Definir una estrategia dura con Nicaragua

editorialEn un editorial previo argumentábamos que Ortega es una amenaza permanente para el país y que sus actos tienen el respaldo de los nicaragüenses. Esto lo confirman las encuestas en forma objetiva. La seriedad de la amenaza es aun más clara con las recientes violaciones de nuestra soberanía, en total irrespeto a las decisiones de la Corte Internacional de Justicia (CIJ). Es posible que Ortega crea que el país es incapaz de reaccionar más allá de sus reclamos en el lento plano del derecho internacional y que, además, se sienta respaldado por la CIJ en virtud de su reciente resolución en favor de Nicaragua y en franco perjuicio de Colombia. Tales circunstancias hacen pensar que Ortega cree posible apropiarse de Isla Calero – y tal vez más del territorio costarricense – a través de un hecho consumado, frente al cual Costa Rica, un país sin ejército, tiene limitadas opciones de reacción.

La seriedad de  la situación no puede ser ignorada. Ortega ha situado este año equipos de dragado en Isla Calero y ha ampliado los caños para desviar las aguas del río San Juan de su curso natural al mar Caribe, invadiendo territorio nacional. Y también ha extendido sus amenazas  sobre la Provincia de Guanacaste y los derechos de navegación en el río Colorado. Bien ha hecho la Sra. Presidente en mantener las relaciones económicas al margen de este conflicto, pero no parece tener razón en cuanto a la aparente falta de respaldo nacional a sus políticas con Nicaragua. Diríamos, más bien, que los costarricenses queremos una política dura sobre las relaciones con nuestro vecino del norte, que se podría construir en torno a tres opciones.
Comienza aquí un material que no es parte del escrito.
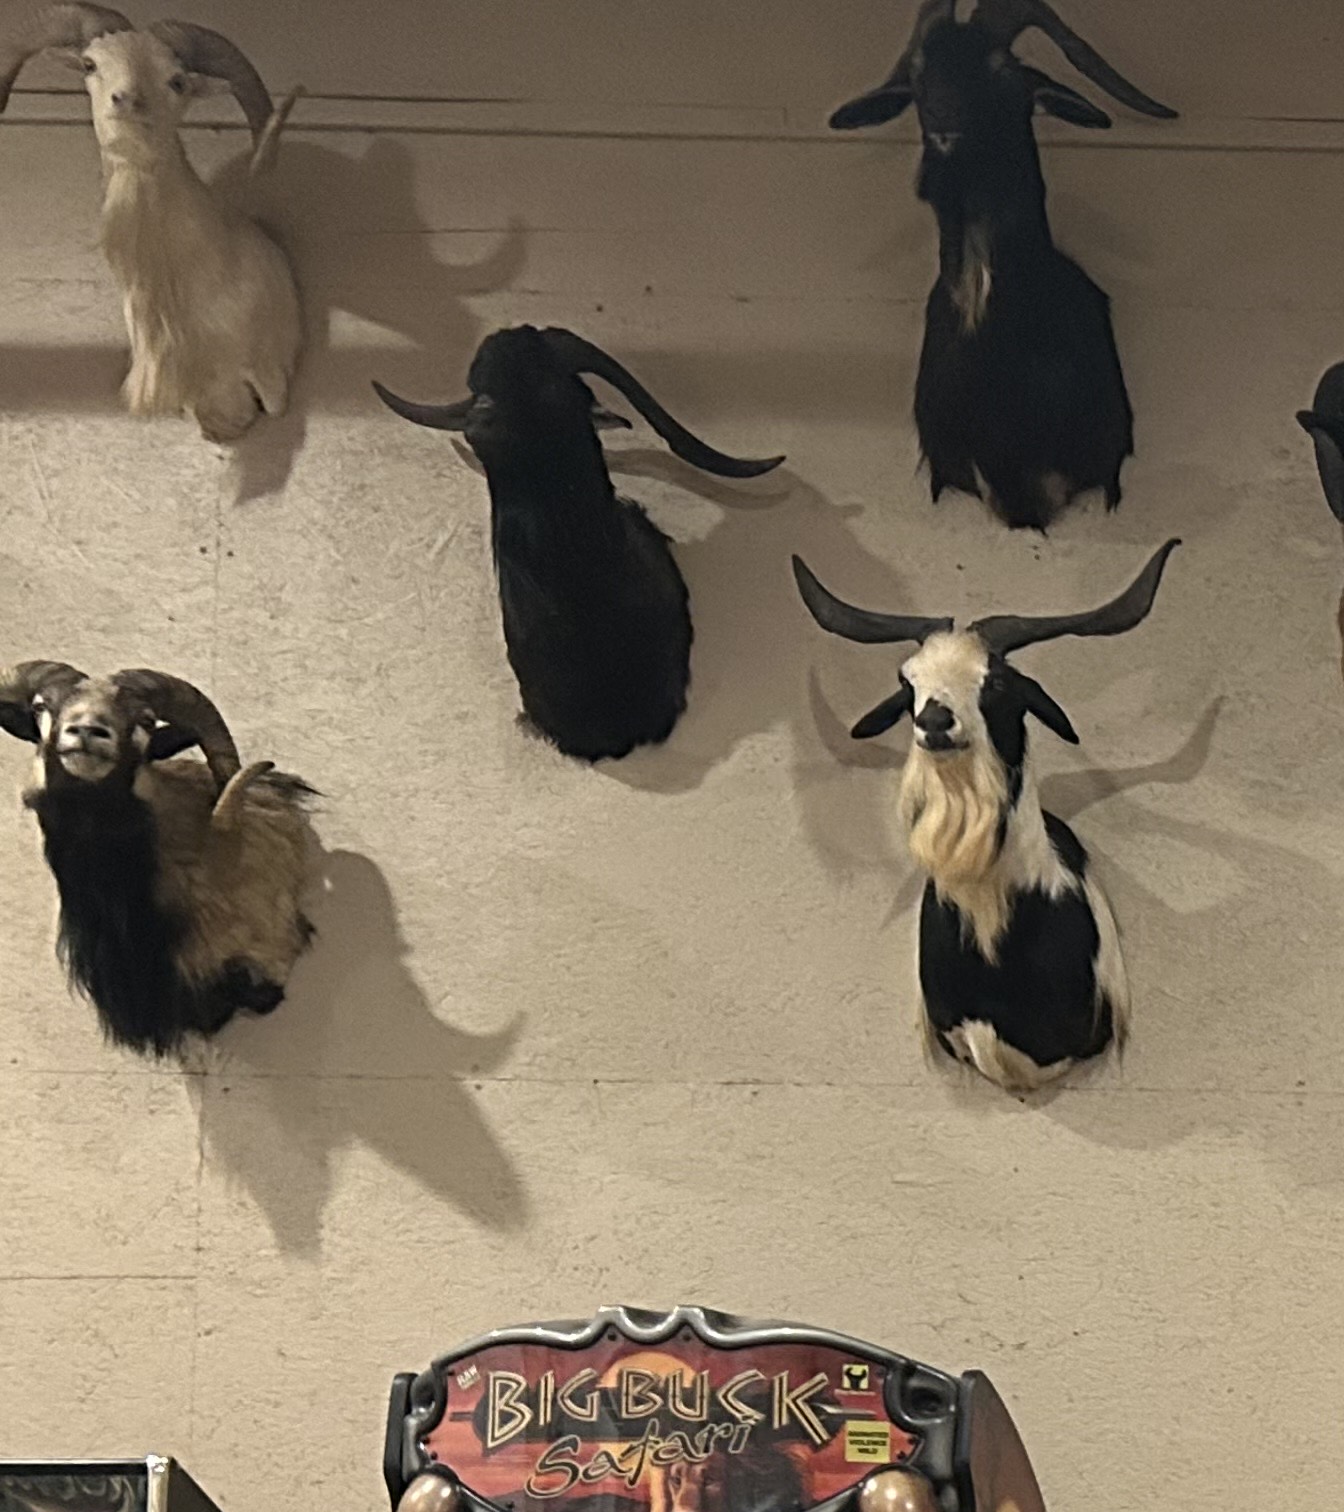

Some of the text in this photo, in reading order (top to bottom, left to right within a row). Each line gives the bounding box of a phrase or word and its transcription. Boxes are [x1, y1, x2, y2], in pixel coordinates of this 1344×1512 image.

[487, 1367, 833, 1449] BIG BUCK
[524, 1418, 752, 1499] Safari
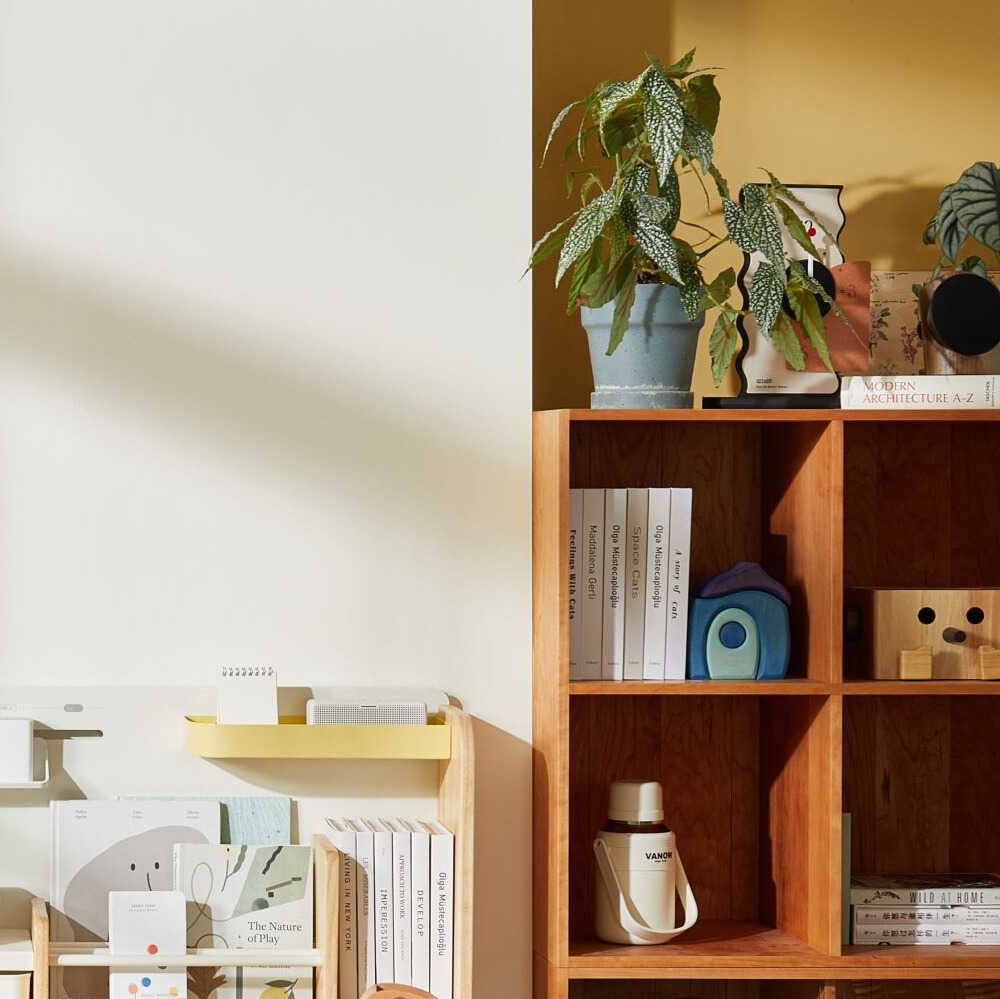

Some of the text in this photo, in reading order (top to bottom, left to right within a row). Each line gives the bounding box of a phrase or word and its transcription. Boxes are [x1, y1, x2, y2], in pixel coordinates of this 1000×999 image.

[864, 381, 916, 391] MODERN
[863, 393, 948, 404] ARCHITECTURE
[611, 524, 620, 544] Olga
[654, 524, 664, 544] Olga
[569, 529, 577, 570] Feelings
[588, 525, 597, 600] Maddalena Gerli
[631, 526, 642, 599] Space Cats
[673, 584, 681, 594] of
[568, 598, 576, 620] Cats
[437, 872, 447, 891] Olga
[344, 888, 351, 898] IN
[909, 891, 984, 904] WILD AT HOME
[344, 902, 352, 922] NEW
[247, 921, 302, 931] The Nature
[247, 933, 280, 946] of Play
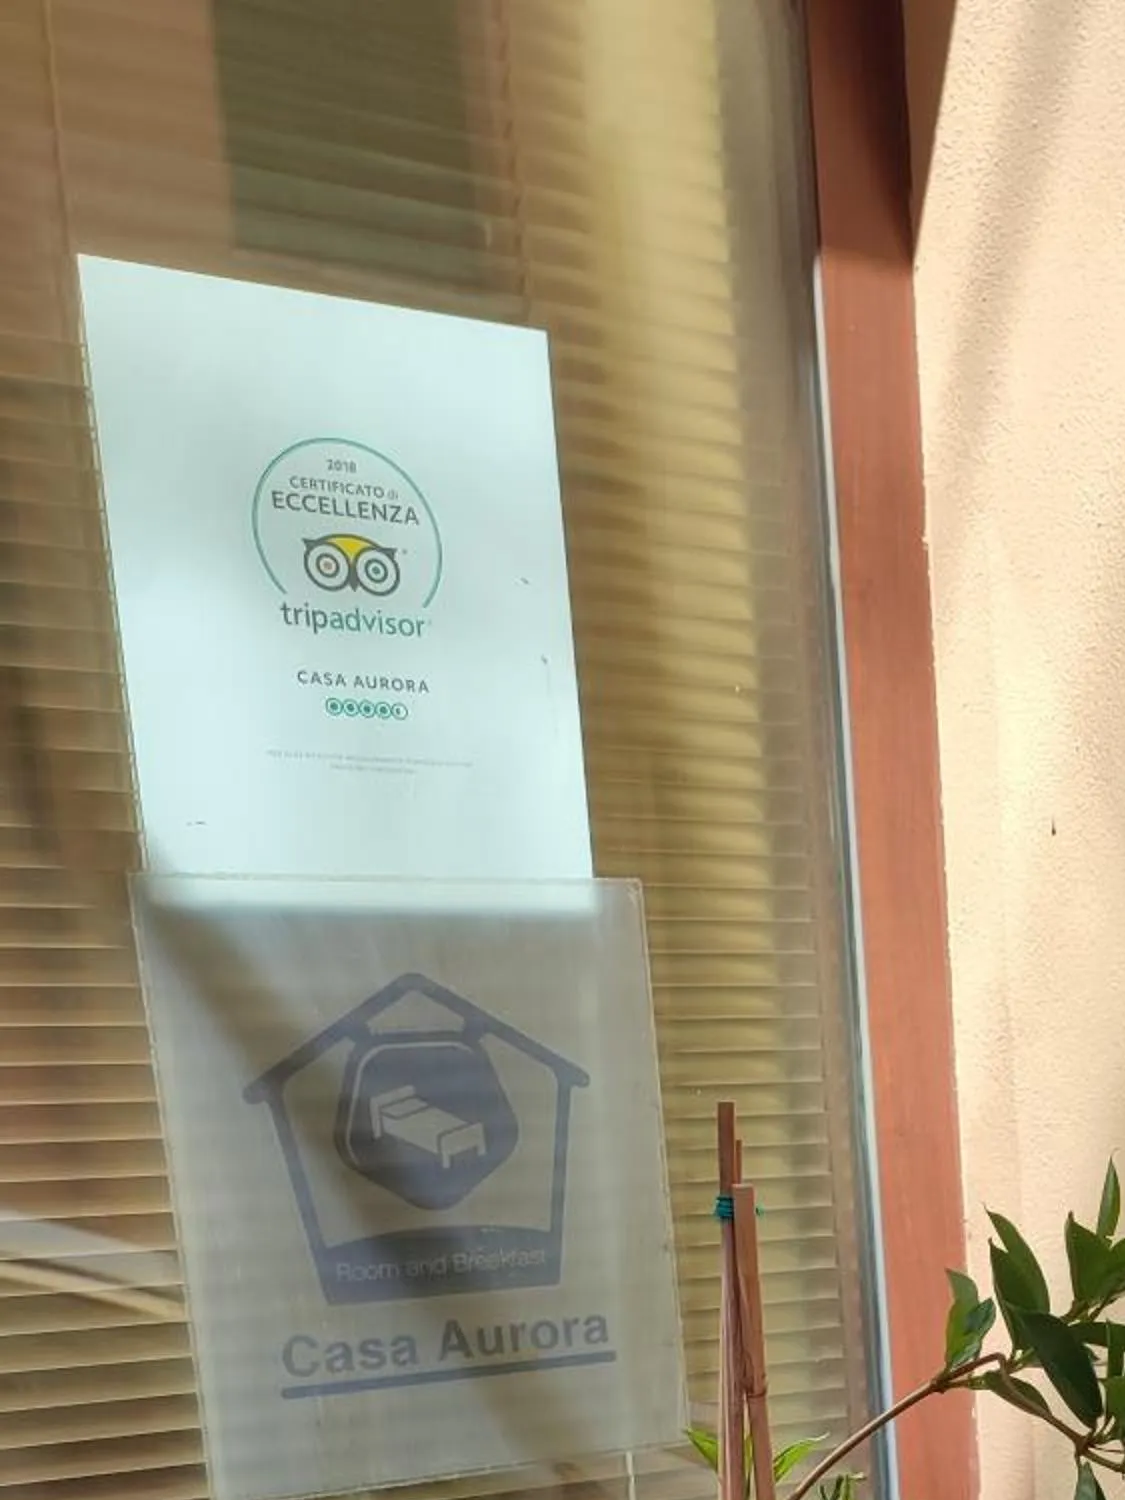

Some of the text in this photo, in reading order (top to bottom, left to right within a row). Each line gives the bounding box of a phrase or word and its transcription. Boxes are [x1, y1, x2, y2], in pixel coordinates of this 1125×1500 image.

[326, 459, 357, 474] 2018
[289, 475, 399, 501] CERTIFICATO di
[271, 490, 420, 526] ECCELLENZA
[280, 602, 425, 638] tripadvisor
[297, 669, 430, 694] CASA AURORA
[336, 1247, 546, 1283] Room and Breakfast
[281, 1312, 609, 1378] Casa Aurora
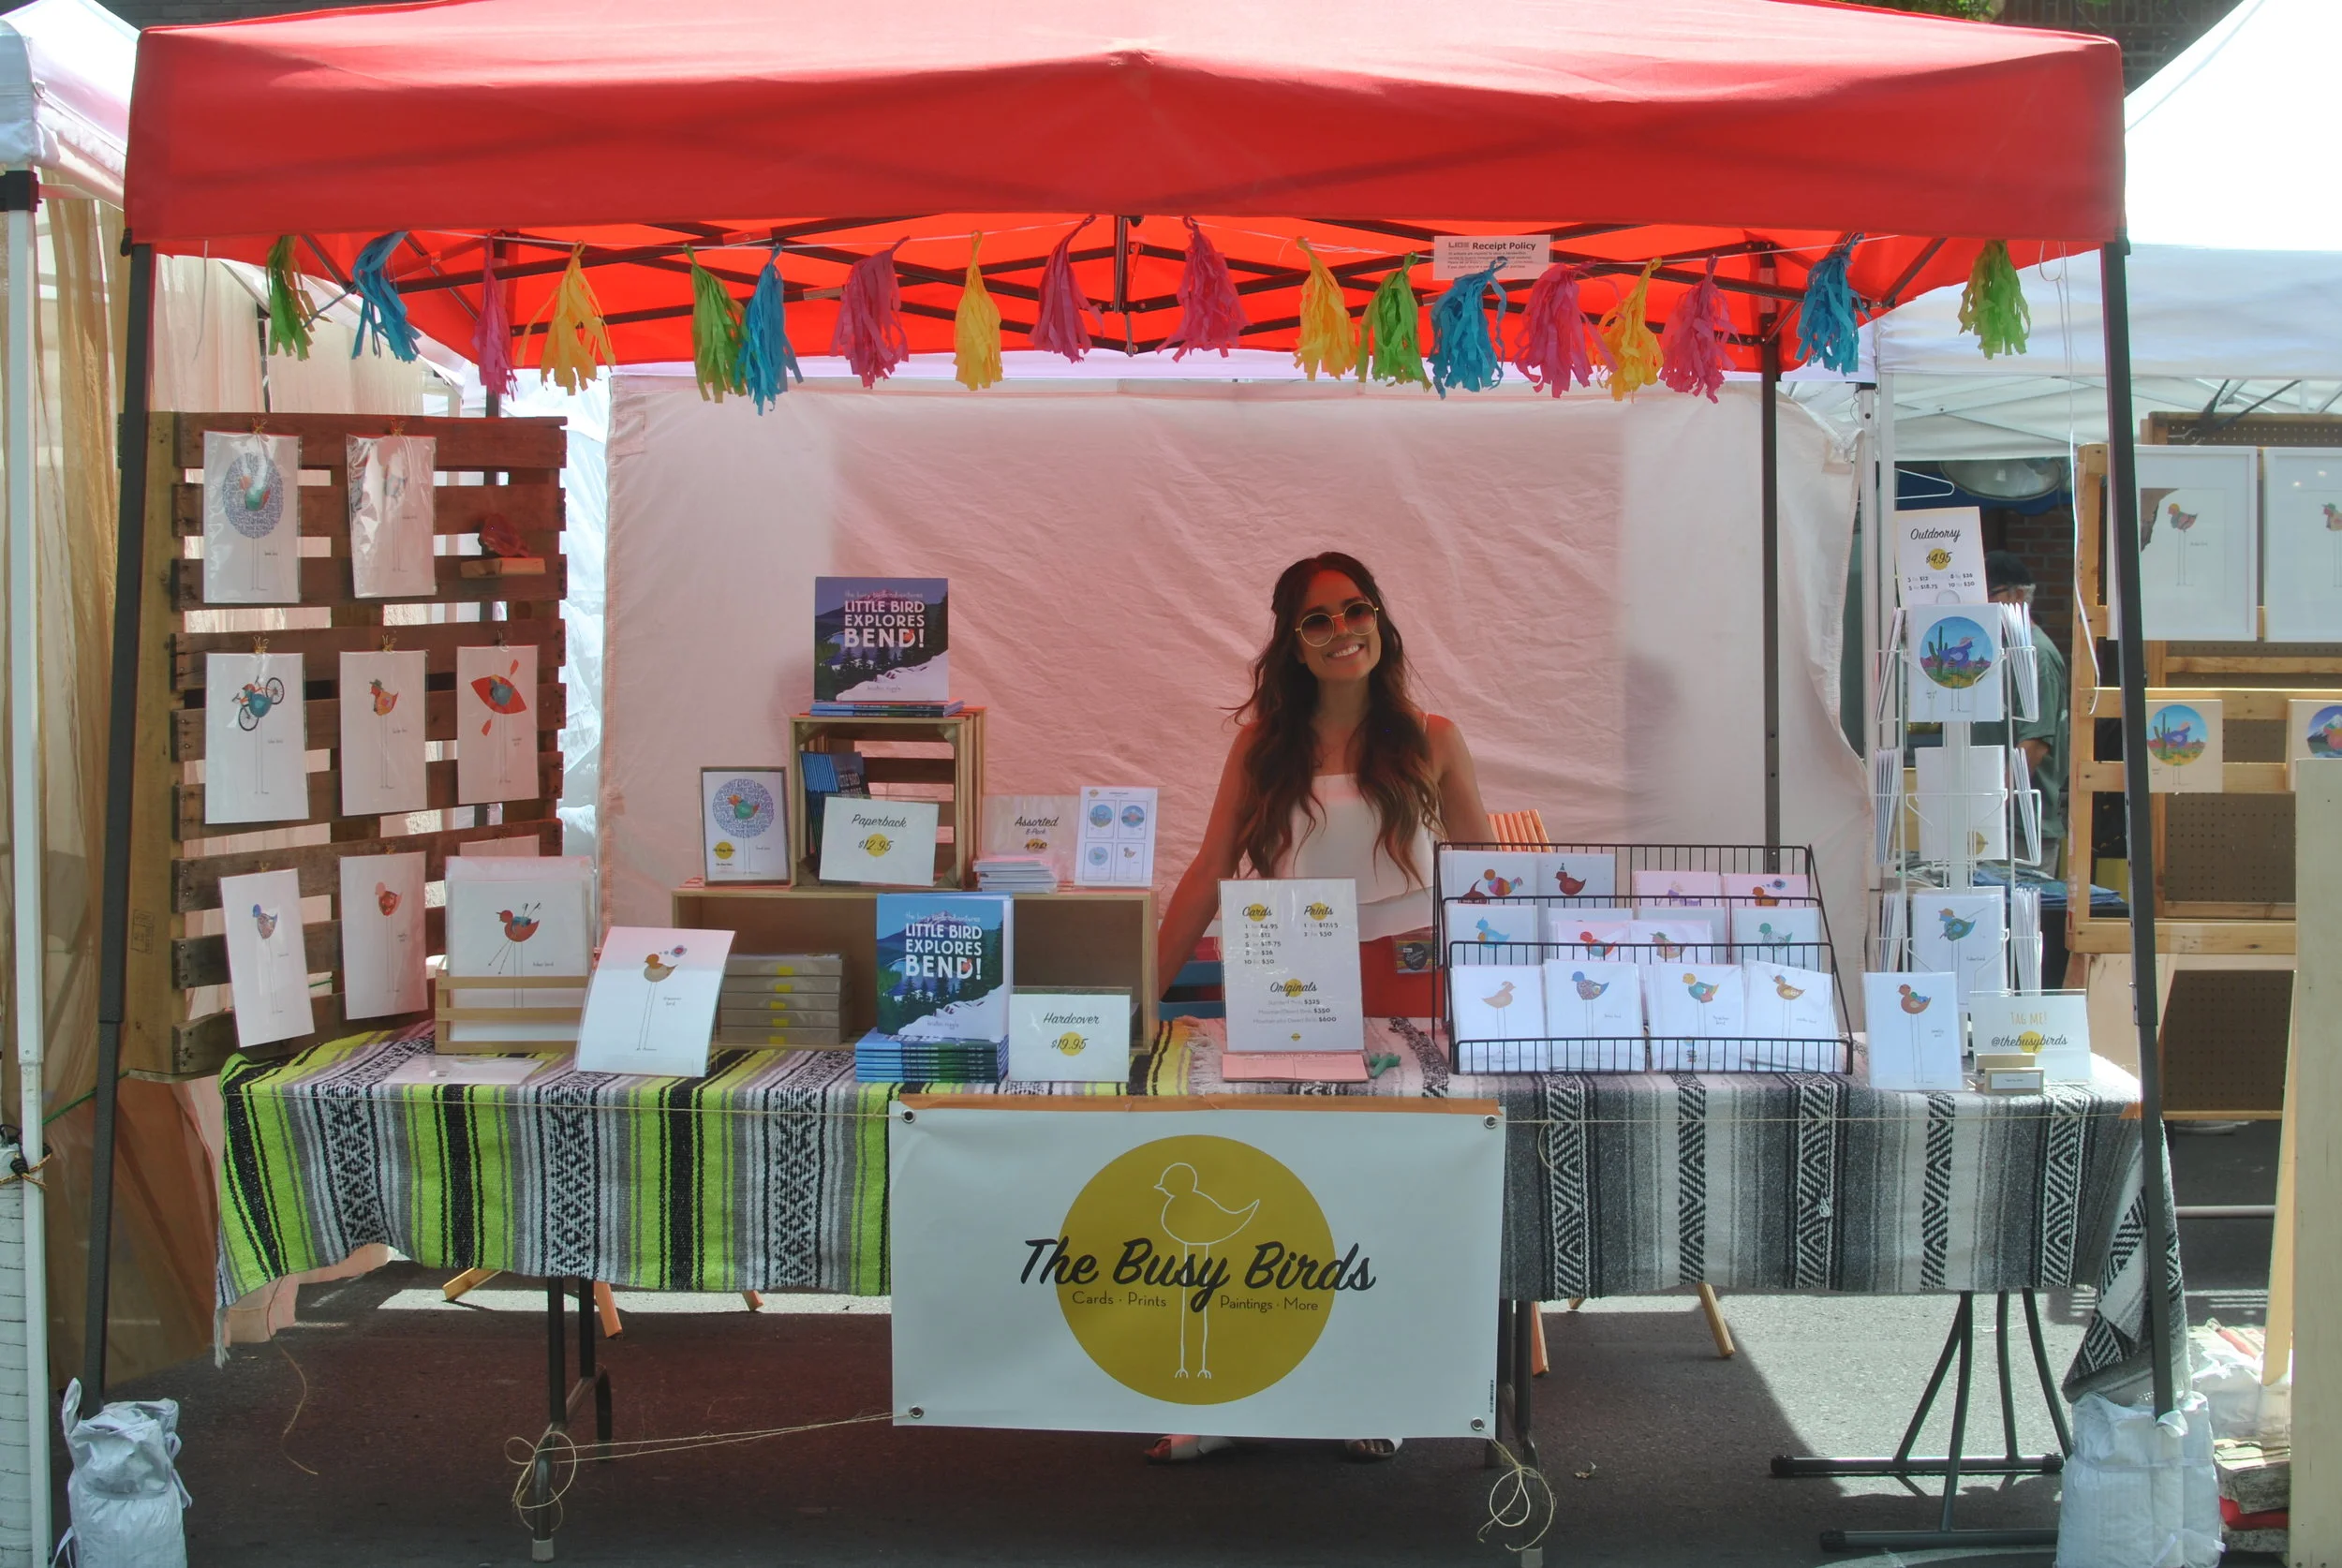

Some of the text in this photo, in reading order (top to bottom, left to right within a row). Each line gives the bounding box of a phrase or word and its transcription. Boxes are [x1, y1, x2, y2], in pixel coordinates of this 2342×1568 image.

La primera y más urgente es promover un acuerdo formal y una política conjunta con Colombia, Panamá y Jamaica, que tienen diferencias en materia de territorios marítimos con Nicaragua. Una posición regional es una fuente de fortaleza, frente a las acciones de carácter diplomático, cuyos resultados son impredecibles y lentos. La segunda es una política migratoria más restrictiva para los nicaragüenses. Que Nicaragua ha venido exportando pobreza a Costa Rica, es un hecho que venimos ignorando por mucho tiempo. El país podría seguir apoyando a los nicaragüenses que están a derecho con su status migratorio y que tienen trabajo. El resto deberían ser forzados a regresar a su país. Podríamos incluso poner restricciones al envío de remesas desde suelo nacional a Nicaragua. La tercera opción es lograr un acuerdo político para construir, como una situación de emergencia, no La Trocha, sino una carretera pavimentada a lo largo del río San Juan. Con ello se logran varios objetivos relacionados: tener una presencia contundente en la frontera norte; fortalecer la economía incorporando esa rica zona a la producción agrícola nacional; y tener la posibilidad de movilizar recursos de seguridad, sin las complicaciones de transporte que ahora tenemos.

Tiene razón la Sra. Presidente cuando dice que “lo peor que podemos hacer los ticos es… pretender que las cosas no van a ir más allá” y que el conflicto “seguirá pasando a menos que organismos del derecho internacional se pronuncien, como se tienen que pronunciar, y ojalá hacerles ver, de primera mano y al más alto nivel, a quienes presiden estos organismos, de que no se trata de una situación cualquiera, que Costa Rica al ser una nación desarmada, necesita una respuesta mucho más contundente y rápida de parte de esos organismos”. Pero también tiene razón el Ministro de Relaciones Exteriores, cuando señala que “En este conflicto estamos solos…” y que “el país no tiene apoyo de organismos internacionales”. Es una dura realidad, que destaca las debilidades de nuestra política frente a los actos violatorios de nuestra soberanía por parte de Nicaragua. Es hora de agregar más músculo a esa política. La Sra. Presidente y el Ministro de Relaciones Exteriores tienen la palabra y el respaldo de la población, que está dispuesta a cualquier sacrificio para confrontar esta situación.